---------- EXCERPTED RECORDS
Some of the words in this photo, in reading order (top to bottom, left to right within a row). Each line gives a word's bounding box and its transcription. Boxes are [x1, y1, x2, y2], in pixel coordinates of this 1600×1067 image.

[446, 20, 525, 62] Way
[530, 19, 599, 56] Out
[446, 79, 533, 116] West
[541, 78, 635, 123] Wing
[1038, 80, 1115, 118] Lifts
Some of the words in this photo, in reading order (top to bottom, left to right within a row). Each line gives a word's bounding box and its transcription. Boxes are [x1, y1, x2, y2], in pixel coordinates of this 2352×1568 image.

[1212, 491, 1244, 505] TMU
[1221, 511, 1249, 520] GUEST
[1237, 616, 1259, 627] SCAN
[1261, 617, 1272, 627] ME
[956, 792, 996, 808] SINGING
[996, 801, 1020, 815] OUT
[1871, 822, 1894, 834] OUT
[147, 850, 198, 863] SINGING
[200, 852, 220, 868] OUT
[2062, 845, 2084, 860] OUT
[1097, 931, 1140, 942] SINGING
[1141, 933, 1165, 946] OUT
--------------------
> TASK ITEM
The entries above need to be repeated in full, exactly as written.

> THE COMPLETED TASK
Some of the words in this photo, in reading order (top to bottom, left to right within a row). Each line gives a word's bounding box and its transcription. Boxes are [x1, y1, x2, y2], in pixel coordinates of this 1600×1067 image.

[446, 20, 525, 62] Way
[530, 19, 599, 56] Out
[446, 79, 533, 116] West
[541, 78, 635, 123] Wing
[1038, 80, 1115, 118] Lifts
Some of the words in this photo, in reading order (top to bottom, left to right within a row). Each line gives a word's bounding box and its transcription. Boxes are [x1, y1, x2, y2], in pixel coordinates of this 2352×1568 image.

[1212, 491, 1244, 505] TMU
[1221, 511, 1249, 520] GUEST
[1237, 616, 1259, 627] SCAN
[1261, 617, 1272, 627] ME
[956, 792, 996, 808] SINGING
[996, 801, 1020, 815] OUT
[1871, 822, 1894, 834] OUT
[147, 850, 198, 863] SINGING
[200, 852, 220, 868] OUT
[2062, 845, 2084, 860] OUT
[1097, 931, 1140, 942] SINGING
[1141, 933, 1165, 946] OUT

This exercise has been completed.